Show me one post where a non-Catholic said otherwise.
The point that we've been making about having a married priesthood is exactly that. That it would prevent the priesthood from becoming a safe haven for homosexuals. IOW, it clearly recognizes that homosexual infiltration has occurred. Can you all afford some reading comprehension lessons, or will you just try to stop filtering everything through your anti-Protestant lenses?
Priestly celibacy makes sense administratively, theologically, biblically and in all manner of other categories.
Except Scripturally where even GOD didn't require a celibate priesthood for His Jewish priests.
As an aside, this whole protestant obsession with what is "needed" and "not needed" is merely a rationalistic tendency to serve self.
Nobody said anything about needed or not needed either.
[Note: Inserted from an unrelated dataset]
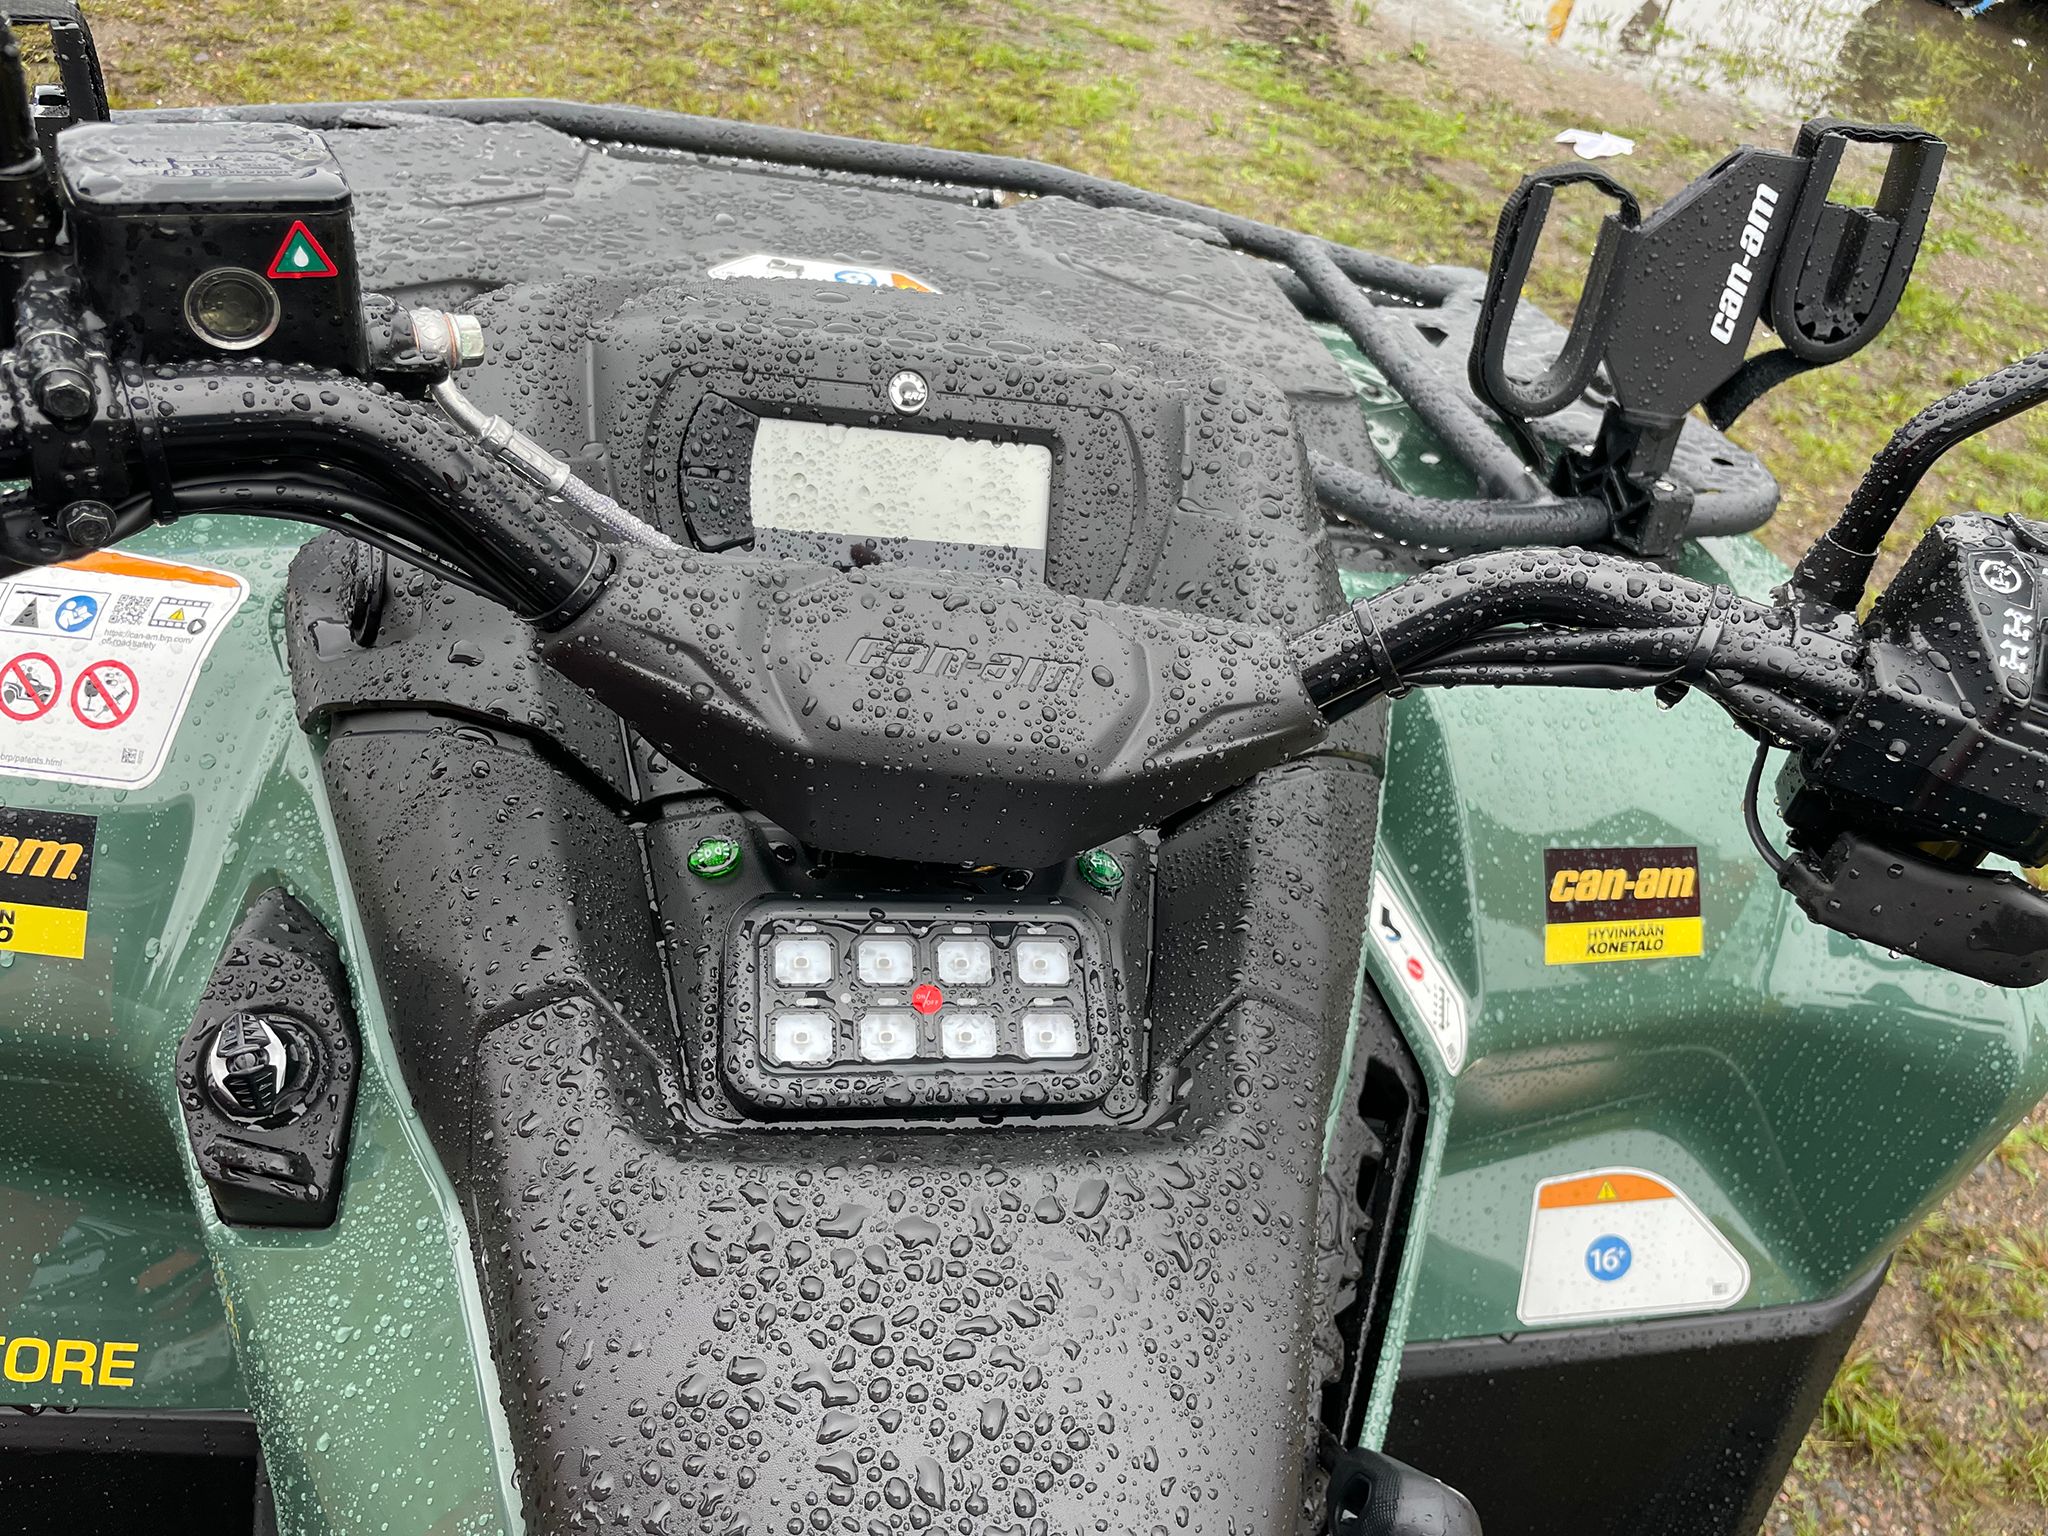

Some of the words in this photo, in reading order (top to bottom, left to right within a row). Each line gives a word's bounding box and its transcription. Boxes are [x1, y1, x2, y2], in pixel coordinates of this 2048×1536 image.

We recognize that allowing a married priesthood would free up many married men to fill the role and ease the burden on the Catholic churches because there just aren't enough single priests to go around.
The suggestion is offered as a solution, one that most RC's gasp in horror over.
Oh come on now. You can do better than that.
I don’t see anyone suggesting that the RCC demand all of its priests to be married.
Do you guys not see the difference between allowing and demanding?
That response to me was completely insincere. Go back and read my post to you.
You quoted my sentence:
Really? Someone who is not married is superior in discussing marriage to a married counselor?
In response you wrote, Really is it now a requirement that ALL marriage counselors be married? When did this law pass? Is it just for your state or all states?
What you attacked had nothing to do with what I wrote, and what I wrote IS what I meant: “Someone who is not married is superior in discussing marriage to a married counselor?
The idea that celibacy makes a person a SUPERIOR marriage counselor is ridiculous. They might still be good ones, depending on their nature and how good they are at listening, but they are not improved as counselors by being celibate.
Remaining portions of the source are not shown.